» **Directions**
Would you print all of the entries exactly, please, but without their pictures?

Data entries
*** Block opens ***
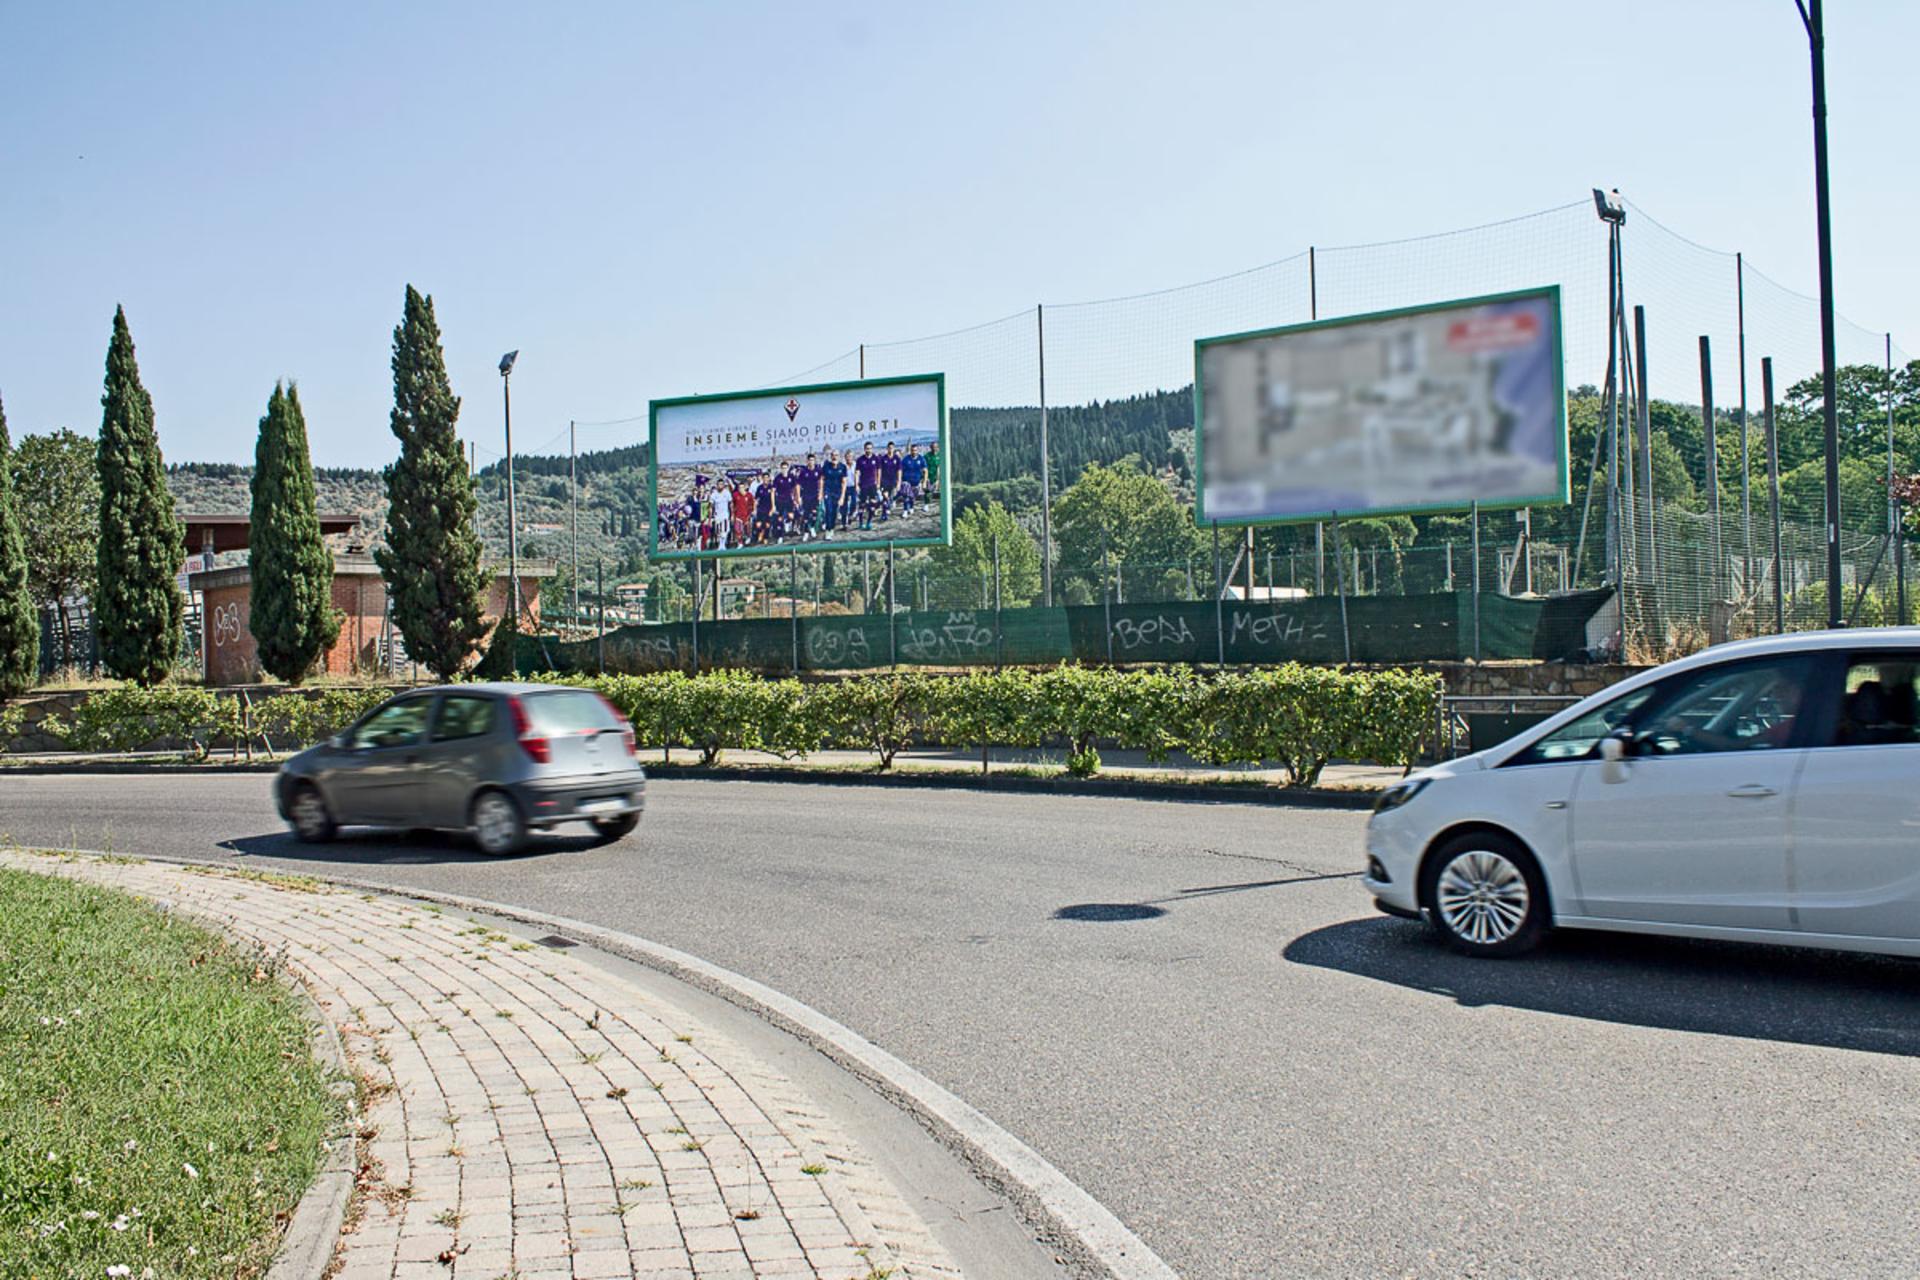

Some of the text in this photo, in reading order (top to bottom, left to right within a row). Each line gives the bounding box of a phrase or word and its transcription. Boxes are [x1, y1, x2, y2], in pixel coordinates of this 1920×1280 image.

[685, 431, 758, 447] INSIEME
[766, 426, 809, 440] SIAMO
[815, 422, 836, 435] PIÙ
[843, 418, 898, 433] FORTI
*** Block closes ***
» **Exercise result**
Some of the text in this photo, in reading order (top to bottom, left to right within a row). Each line gives the bounding box of a phrase or word and its transcription. Boxes are [x1, y1, x2, y2], in pixel coordinates of this 1920×1280 image.

[685, 431, 758, 447] INSIEME
[766, 426, 809, 440] SIAMO
[815, 422, 836, 435] PIÙ
[843, 418, 898, 433] FORTI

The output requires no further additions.